If horse riding is all about cowboys for you, head to the American Southwest. There are working ranches, but a luxury dude ranch experience allows you the freedom to do as little or a much as you wish. White Stallion Ranch in Arizona, run by the True family since 1965, is well known for being the real deal with warm hospitality. Built in a Spanish style and set on 1,200 hectares of wide-open land, the ranch has one of the largest herds of horses in Arizona. It also offers everything a rider of any level could wish for: breathtaking steep mountain trails, fast desert rides, daily lessons and all-day adventures. It's perfect for children too, with hayrides, weekly rodeos, team penning, "cookouts" and trail rides suitable for those aged five and over. There's a choice of standard and more luxurious rooms, some with whirlpool baths, fireplaces and a patio to peacefully sit and gaze at the mountains.

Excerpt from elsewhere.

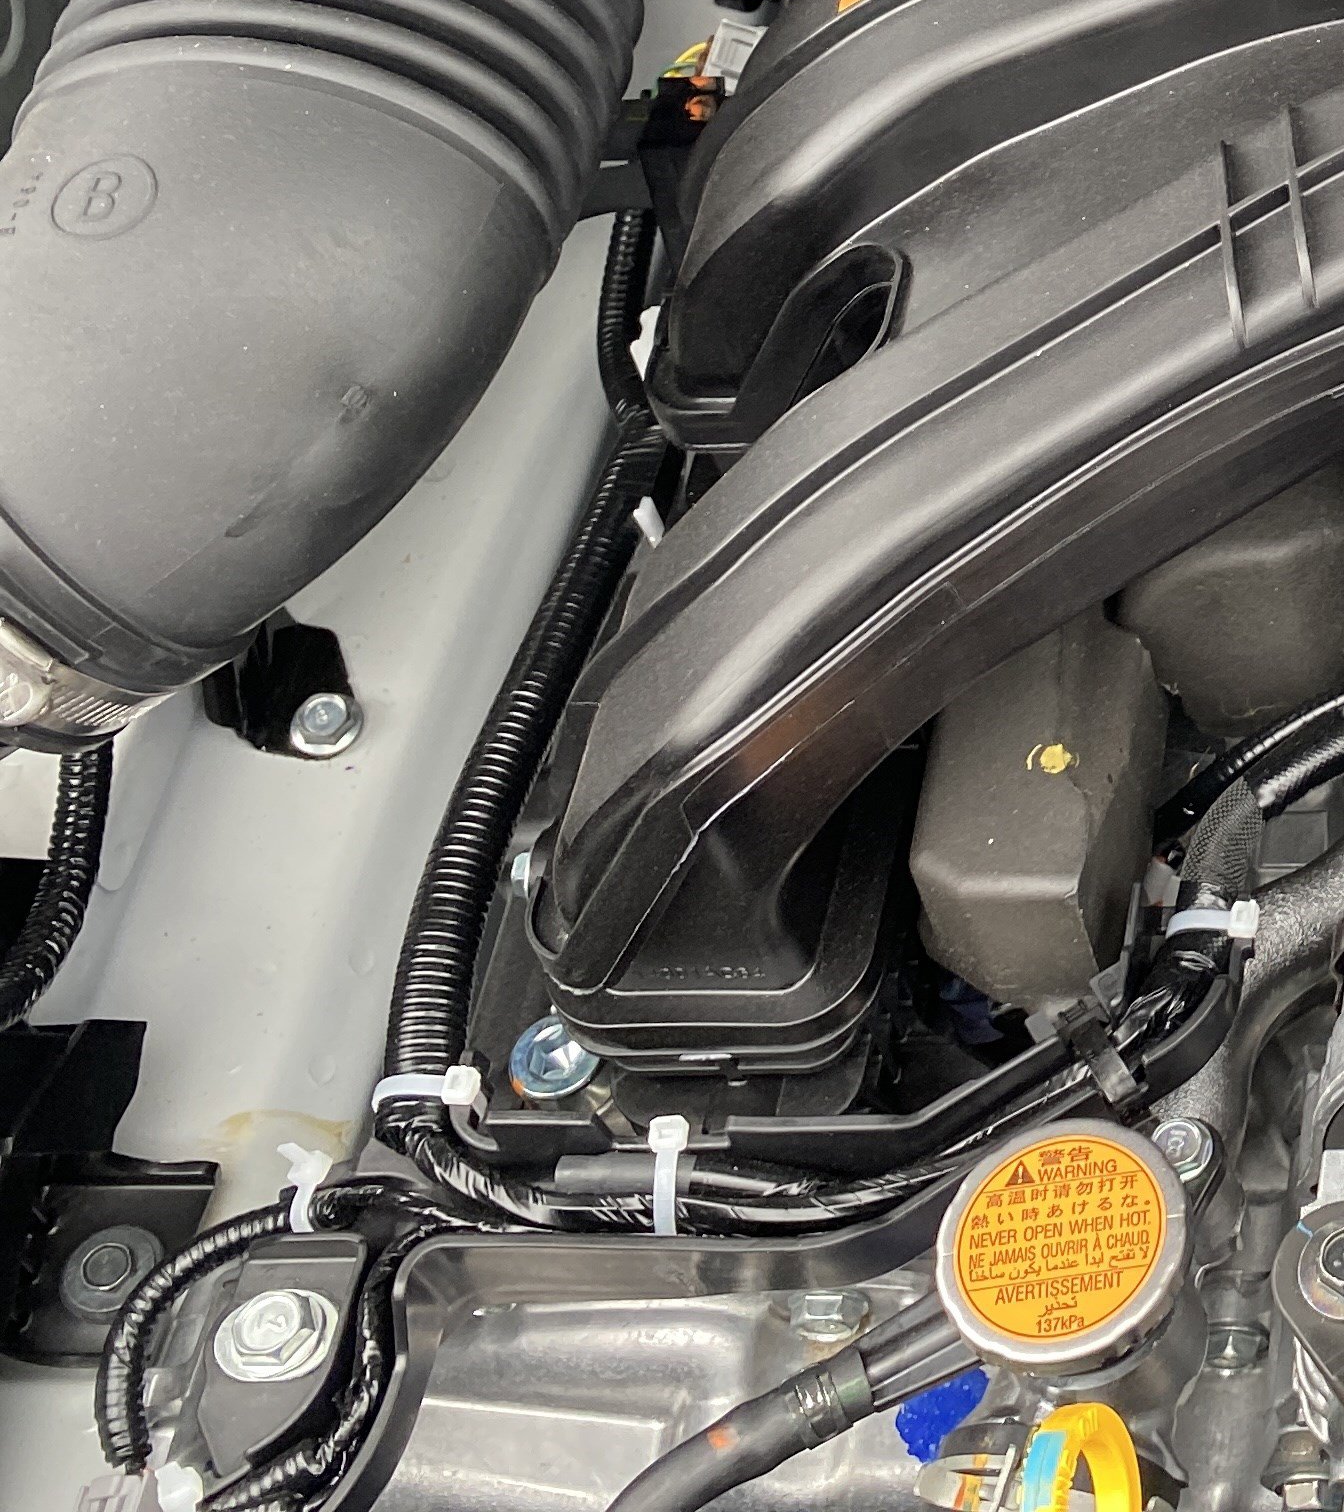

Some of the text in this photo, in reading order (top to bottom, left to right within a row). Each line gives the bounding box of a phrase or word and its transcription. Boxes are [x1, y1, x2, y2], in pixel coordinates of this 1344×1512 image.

There's also a lovely pool, telescopic stargazing, line dancing, bike rides and a new spa. A seven-night stay costs from $938 (Dh3,445), all inclusive with daily rides except on Sundays (www.hiddentrails.com; 00 604 323 1141).

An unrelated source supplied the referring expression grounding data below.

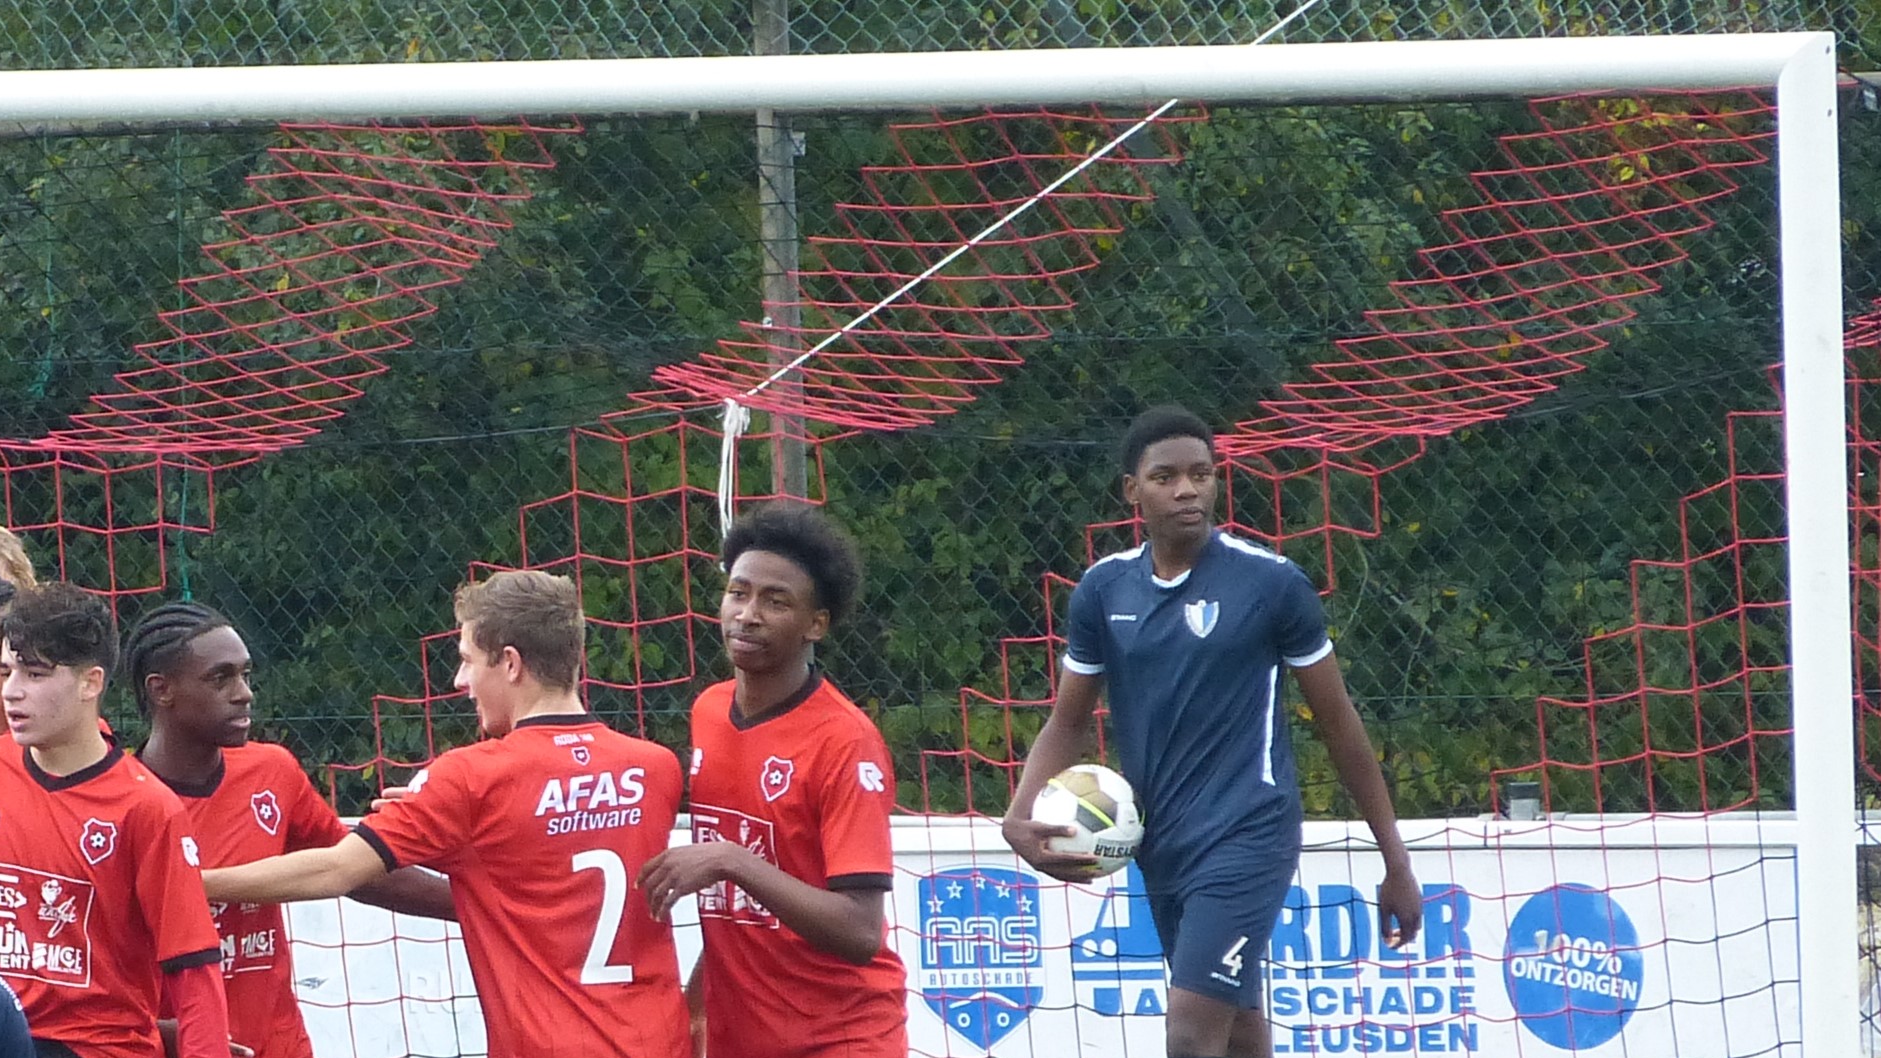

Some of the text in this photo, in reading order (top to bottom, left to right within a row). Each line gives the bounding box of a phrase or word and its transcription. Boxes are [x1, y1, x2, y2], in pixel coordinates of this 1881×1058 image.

[535, 768, 645, 816] AFAS
[547, 807, 642, 835] software
[572, 849, 633, 985] 2
[926, 916, 1038, 965] AAS
[1222, 936, 1249, 977] 4
[1534, 929, 1623, 974] 100%
[930, 972, 1034, 985] AUTOSCHADE
[1511, 957, 1638, 1001] ONTZORGEN

Alexandra Tolstoy and her husband, Shamil Galimzyanow, met when retracing the Silk Road on horses and camels for 8,000km through Mongolia and Siberia. Now, they organise riding holidays in Kyrgyzstan in Central Asia. As one rider put it: "even by outer space standards Kyrgyzstan is pretty remote". Green valleys, ancient forests, rivers, snow fields and alpine-flower meadows beckon in this land of snow leopards, bears, deer and eagles. You move to either Lake Song-kol or Sary Chelek national parks and spend eight to 10 days in the foothills of the majestic Tien Shan mountains. With Alexandra and Shamil, you ride with a local Kyrgyz horseman, for roughly five hours per day, and in the evening, huddle around campfires beside majestic lakes. Trips are generally two weeks long and take place between June and September. A 15-night trip costs from $3,213 (Dh11,801), all-inclusive. You can book through www.wildandexotic.co.uk; or call 00 44 1439 748401.